His admiration&the trouble for me sayin no to this temtation
Peniskills
Weak minds using sex to allure, yet I love you for your serenity
Fronting acts of hardcore, Then I always chase for your divinity
Those 2 lines in each verse juss jumped out at me while readin' this piece .. Very nicely done here fellas .. Keep writin' together .. This was a dope piece on both sides and as a whole .. Keep it up .. One
Eddy...
Nice vocab level...flow was good but that short line in 1st part kinda threw me off as did this line
Our paths crossed & i knew this would last forever & ever..

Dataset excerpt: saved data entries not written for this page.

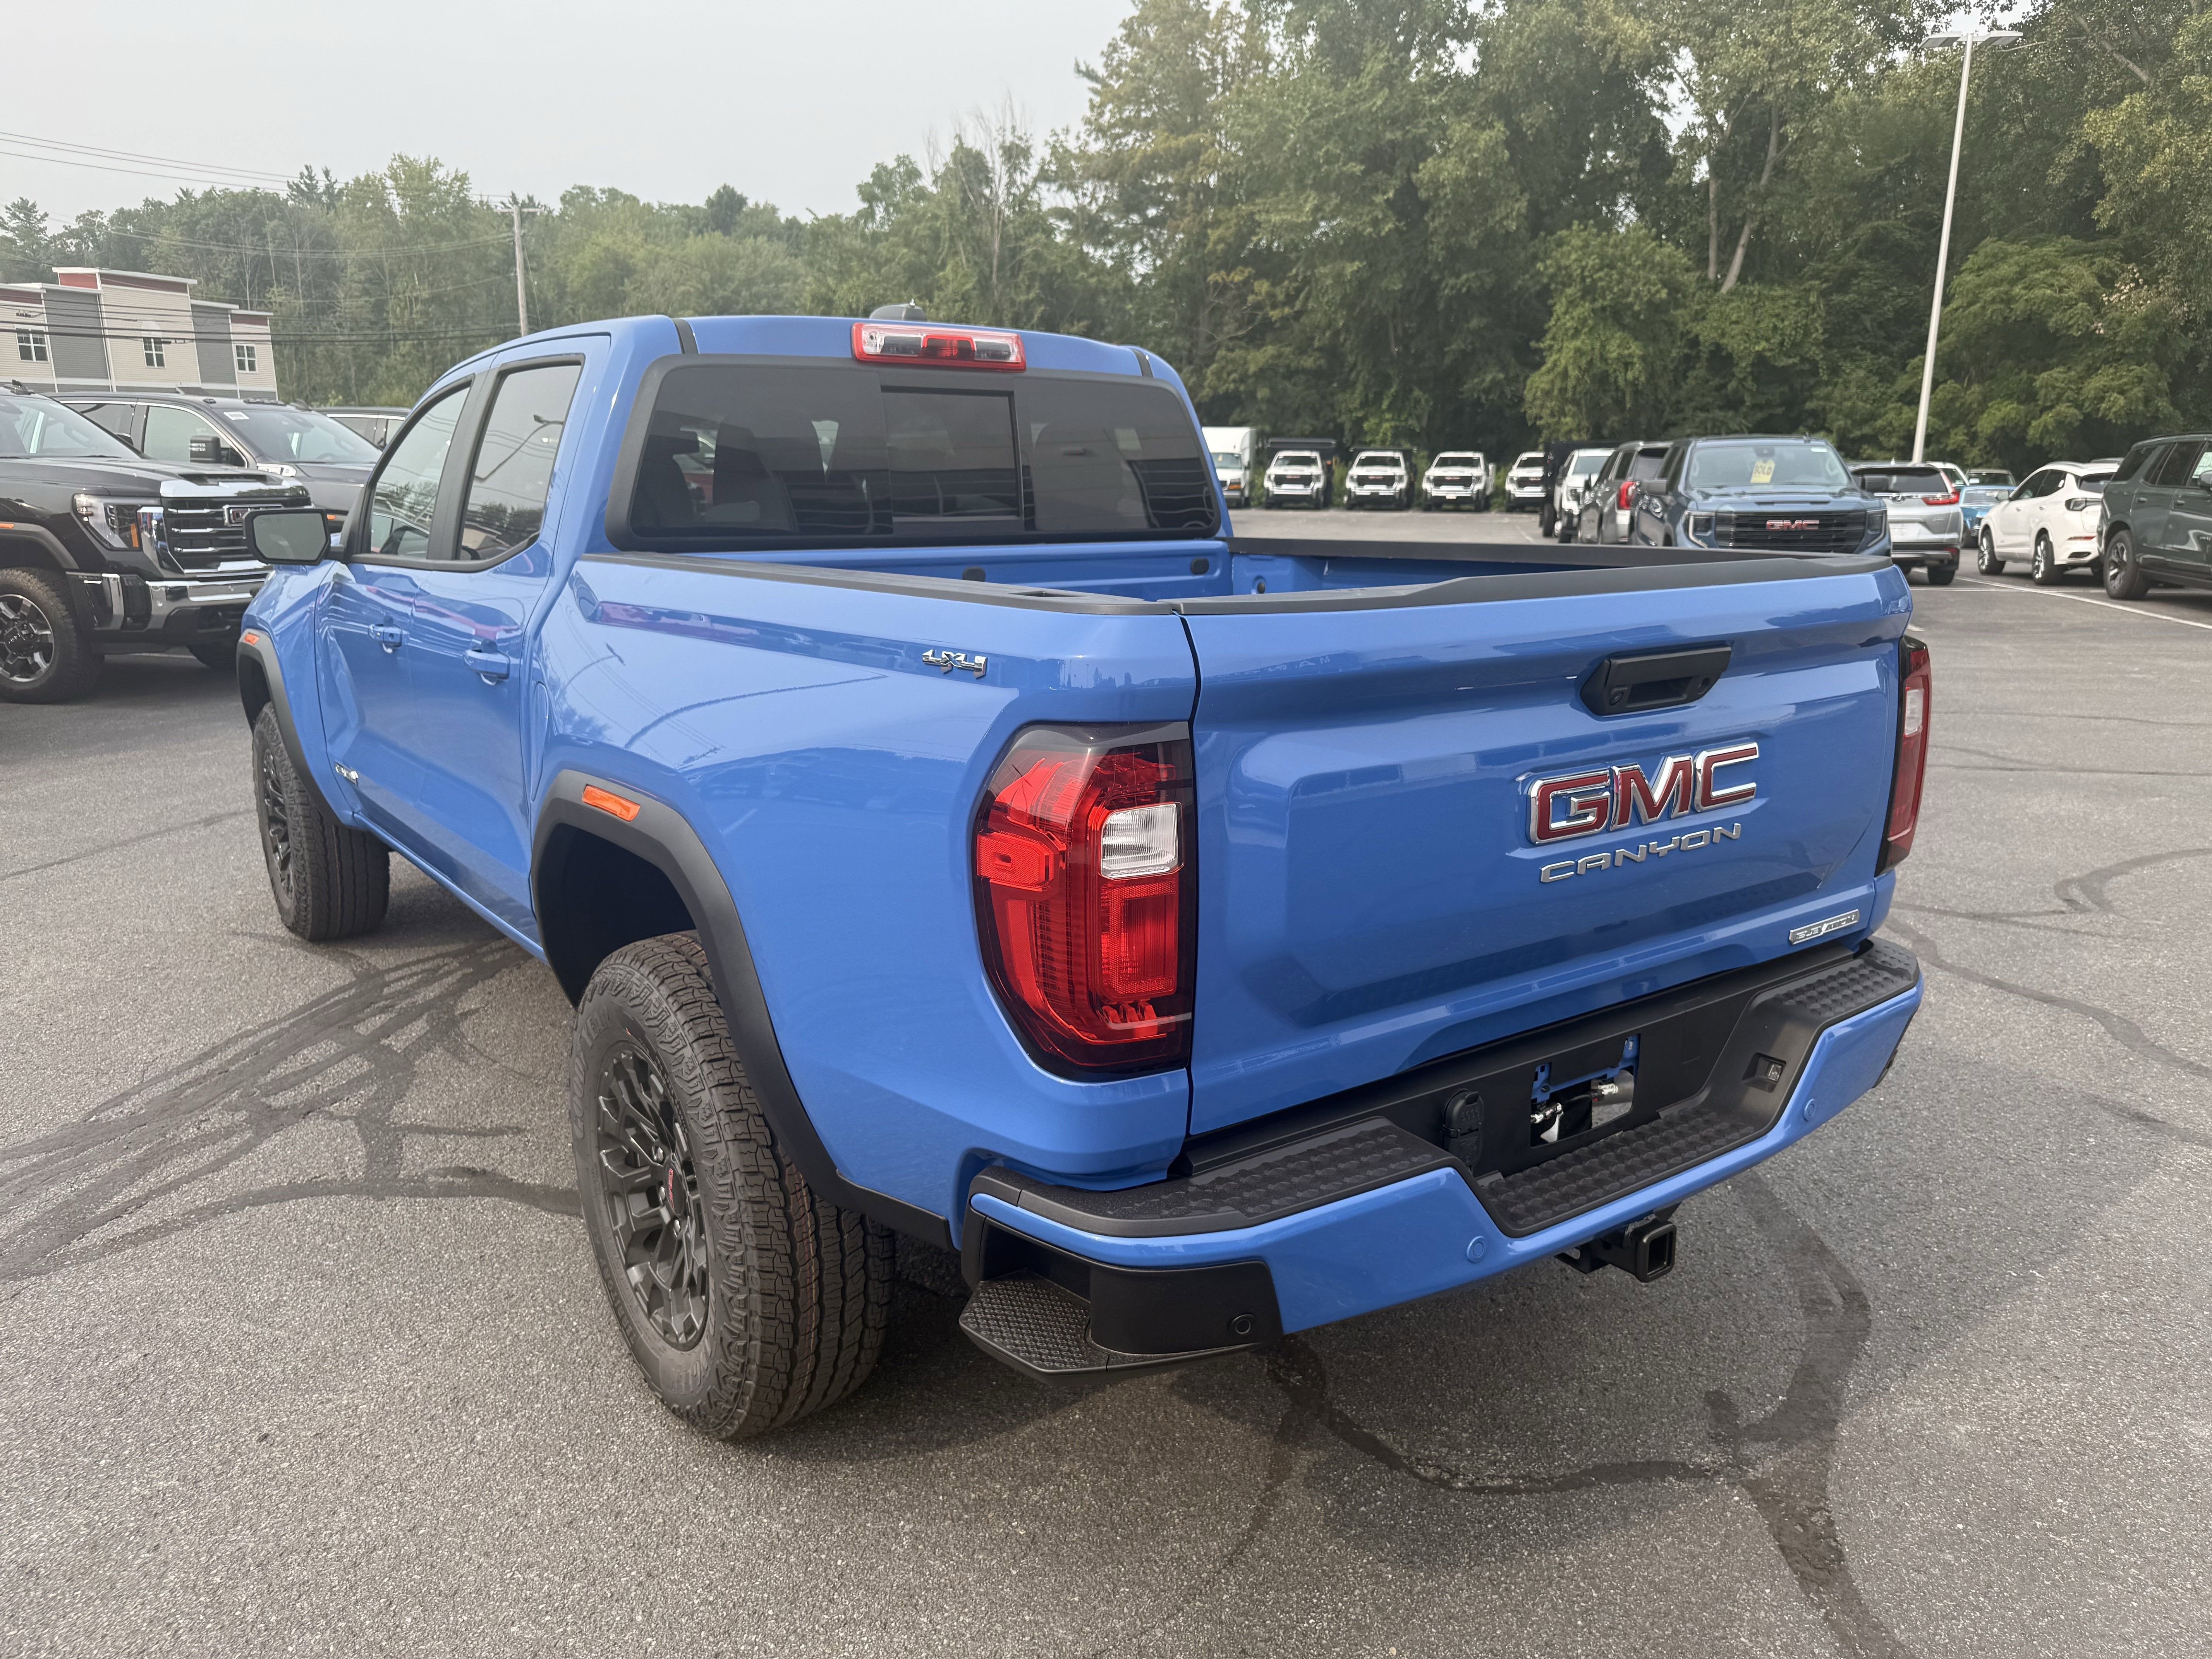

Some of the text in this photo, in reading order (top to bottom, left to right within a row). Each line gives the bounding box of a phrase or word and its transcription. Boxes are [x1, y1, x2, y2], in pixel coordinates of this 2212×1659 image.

[1766, 520, 1819, 531] GMC
[1527, 742, 1759, 845] GMC
[1540, 823, 1741, 883] CANYON
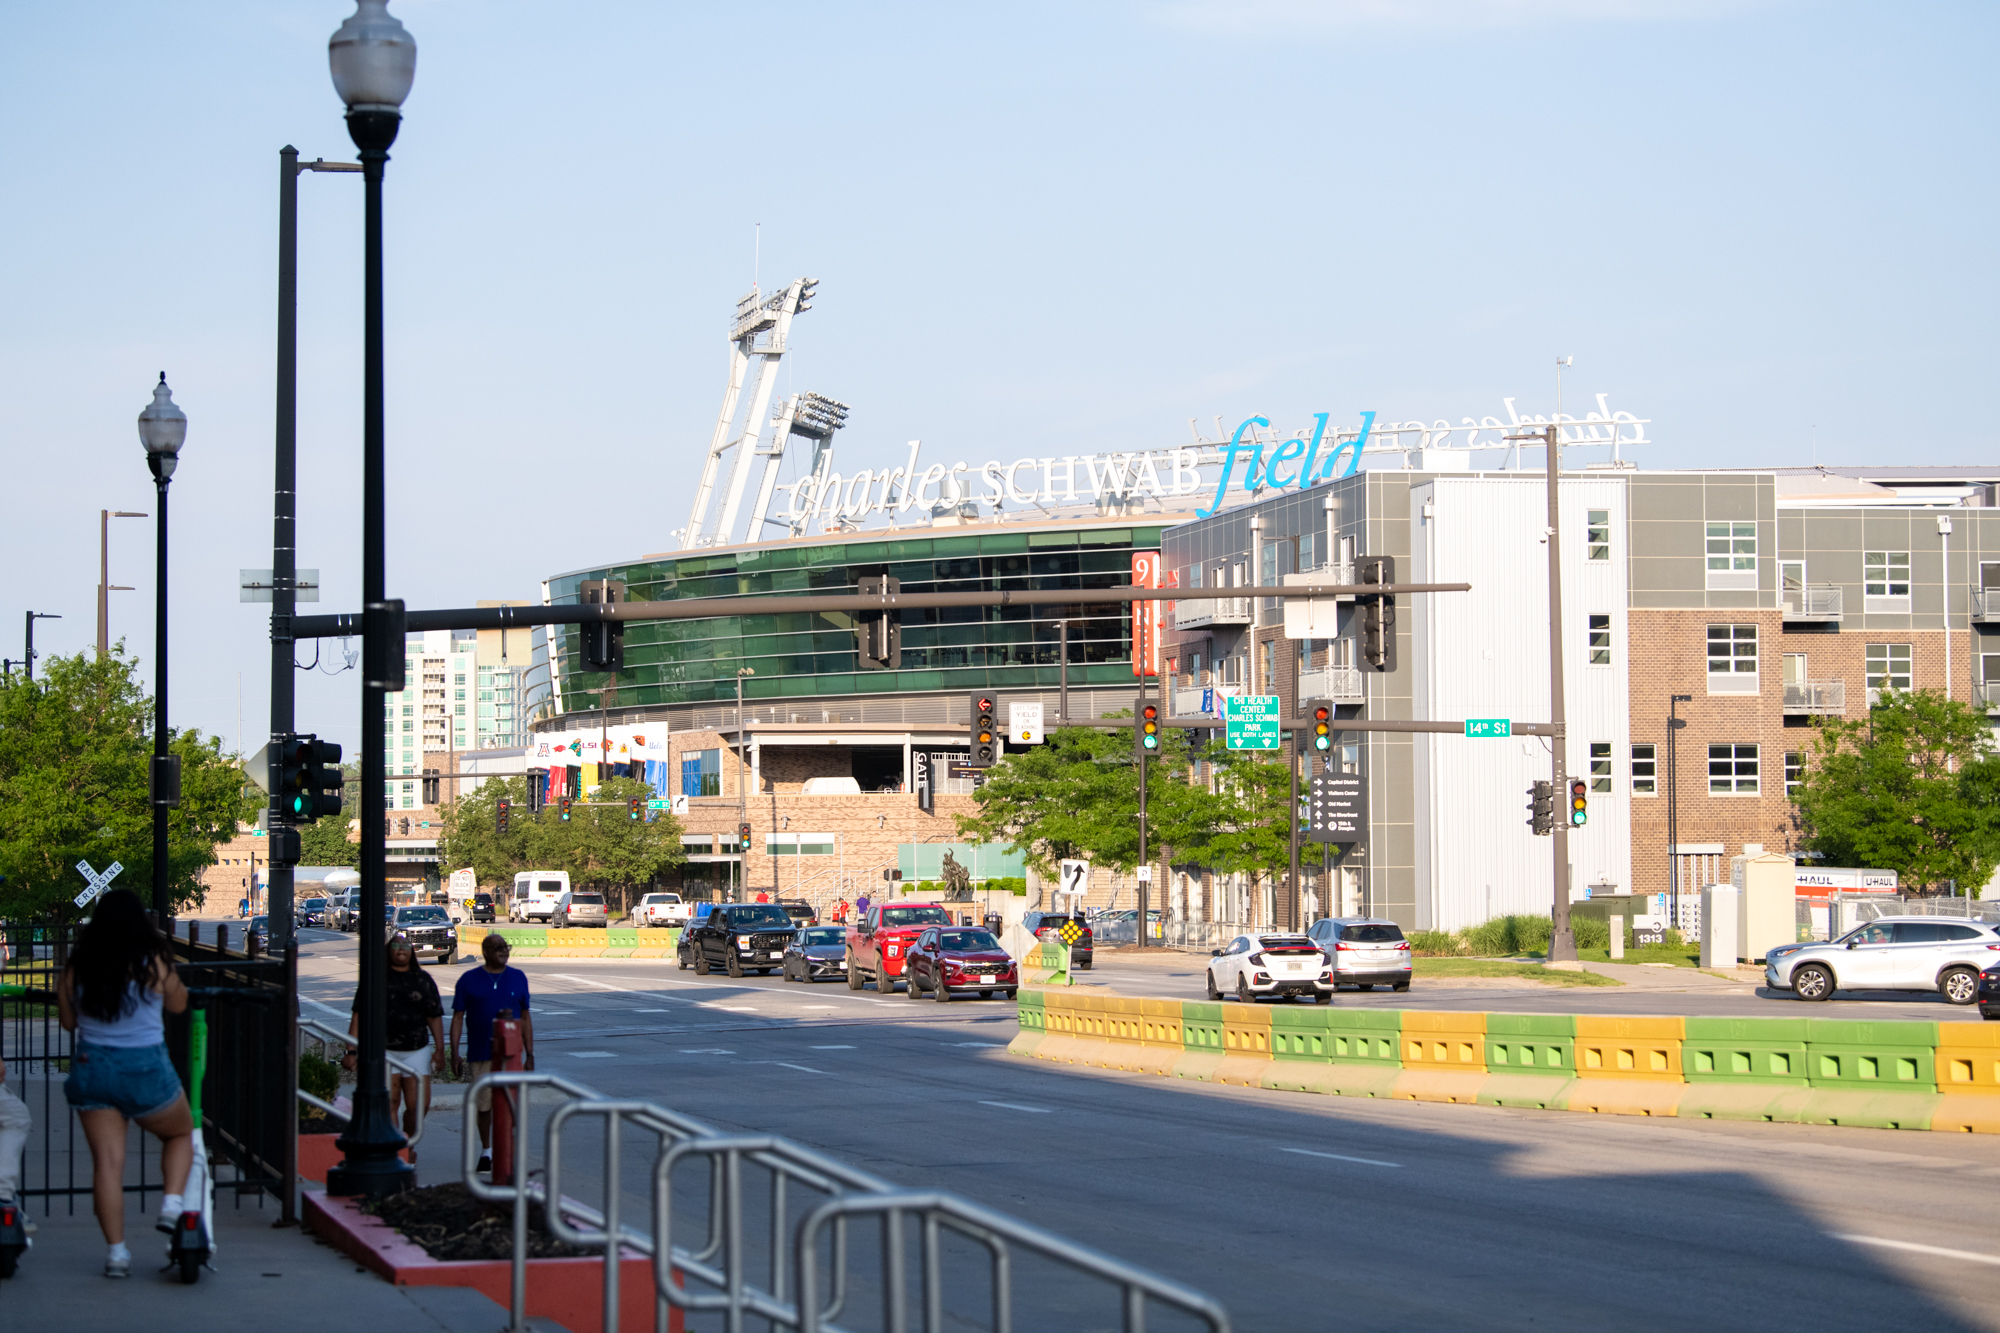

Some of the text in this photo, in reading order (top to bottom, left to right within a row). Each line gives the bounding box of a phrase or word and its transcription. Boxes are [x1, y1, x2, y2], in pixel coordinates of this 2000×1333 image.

[788, 411, 1377, 521] charles SCHWAB field
[1233, 696, 1272, 705] CHI HEALTH
[1239, 705, 1266, 714] CENTER
[1228, 714, 1279, 722] CHARLES SCHWAB
[1244, 723, 1262, 732] PARK
[1469, 722, 1506, 734] 14th St
[917, 752, 927, 788] GATE
[76, 863, 122, 906] CROSSING
[1638, 933, 1663, 944] 1313
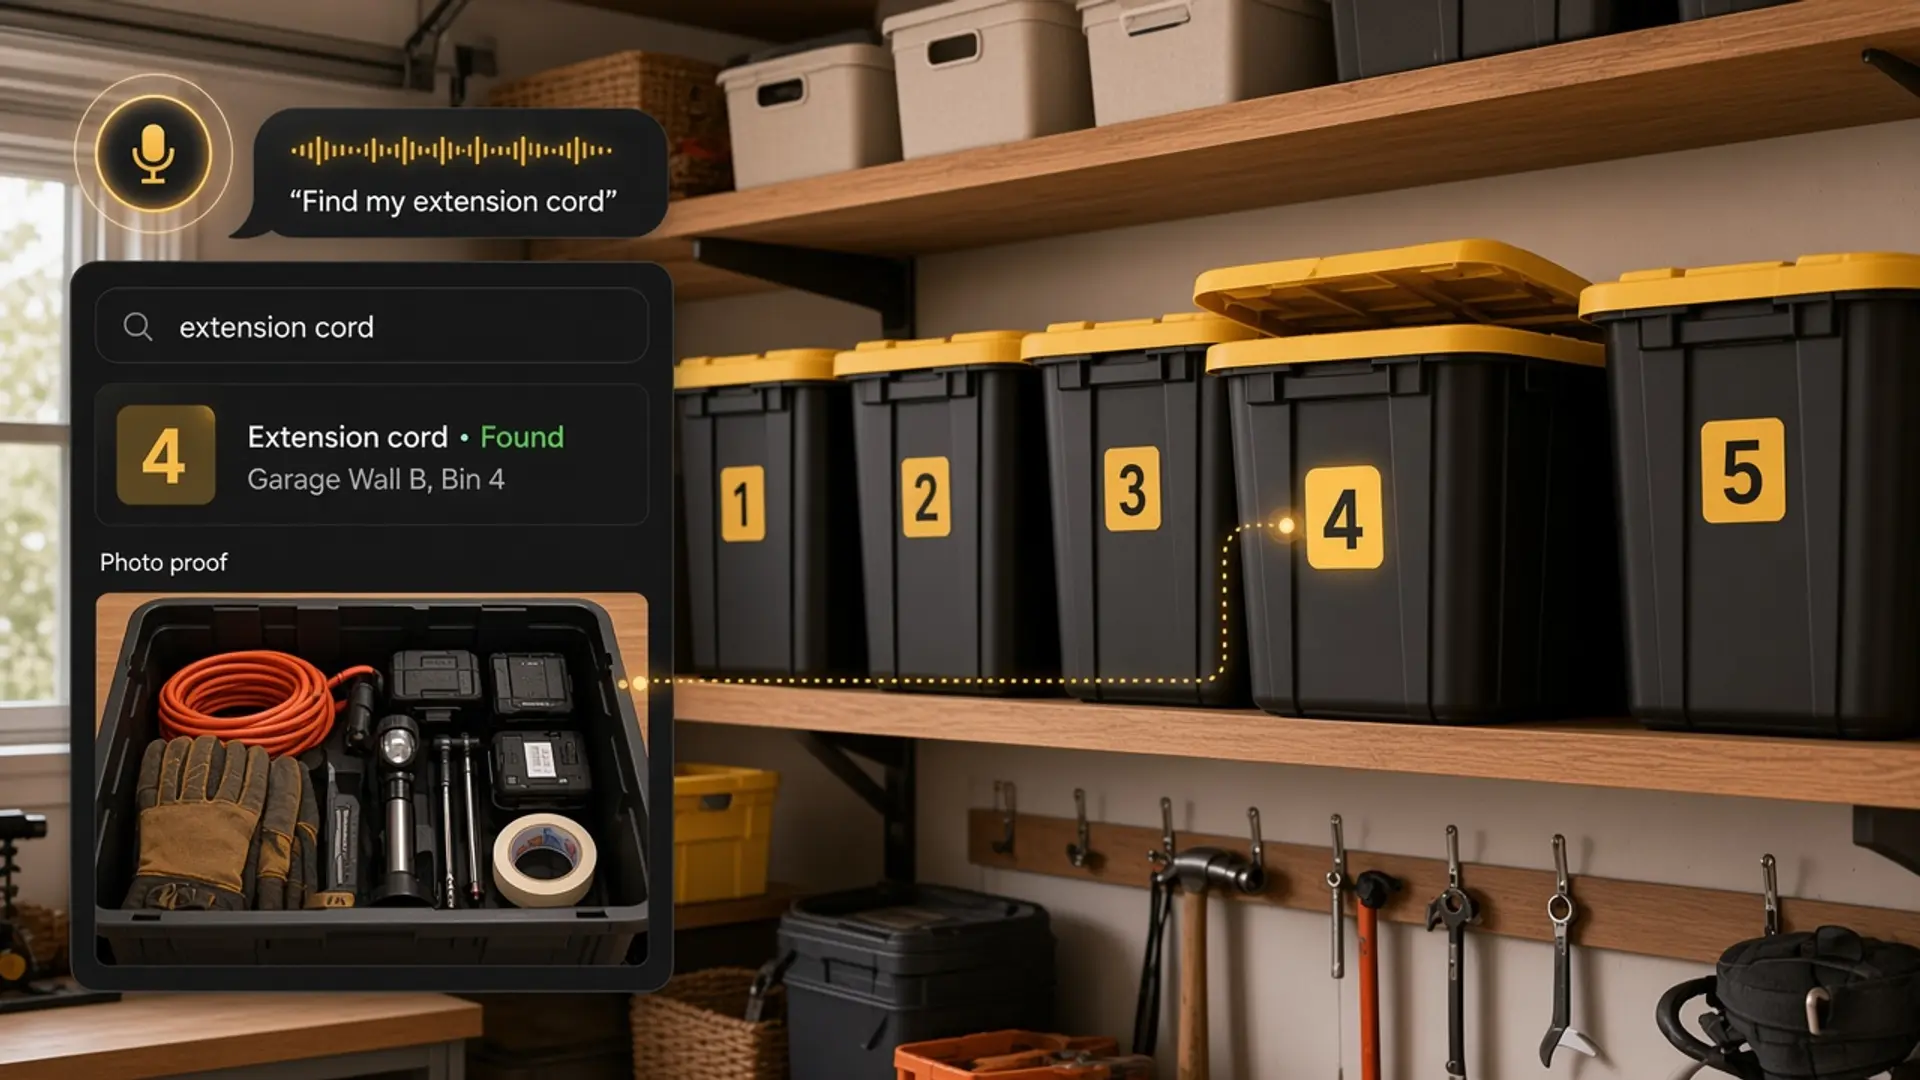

& the conscientious activity's we intented to get endeavour
i never knew Endeavour could be used in that context, unless im thinking of another word.. good drop here i was just confused as to what you were trying to say. You seem to be going in too many directions at once..
Penny..
Yeah I stayed in your reality, didnt go when outside cats hit your ability
You had the flyest mentality, even with your cravings fo profitability
seemed kinda forced to me.. i guess im just an idiot because you also seem to be going in too many directions...while your content is soley based on a girl it still seems to be going too many places. Try and incorportate some better transitions and you should be good to go
check my sig, i do poetry
The best way to write to a topic, is to not write specific to the topic.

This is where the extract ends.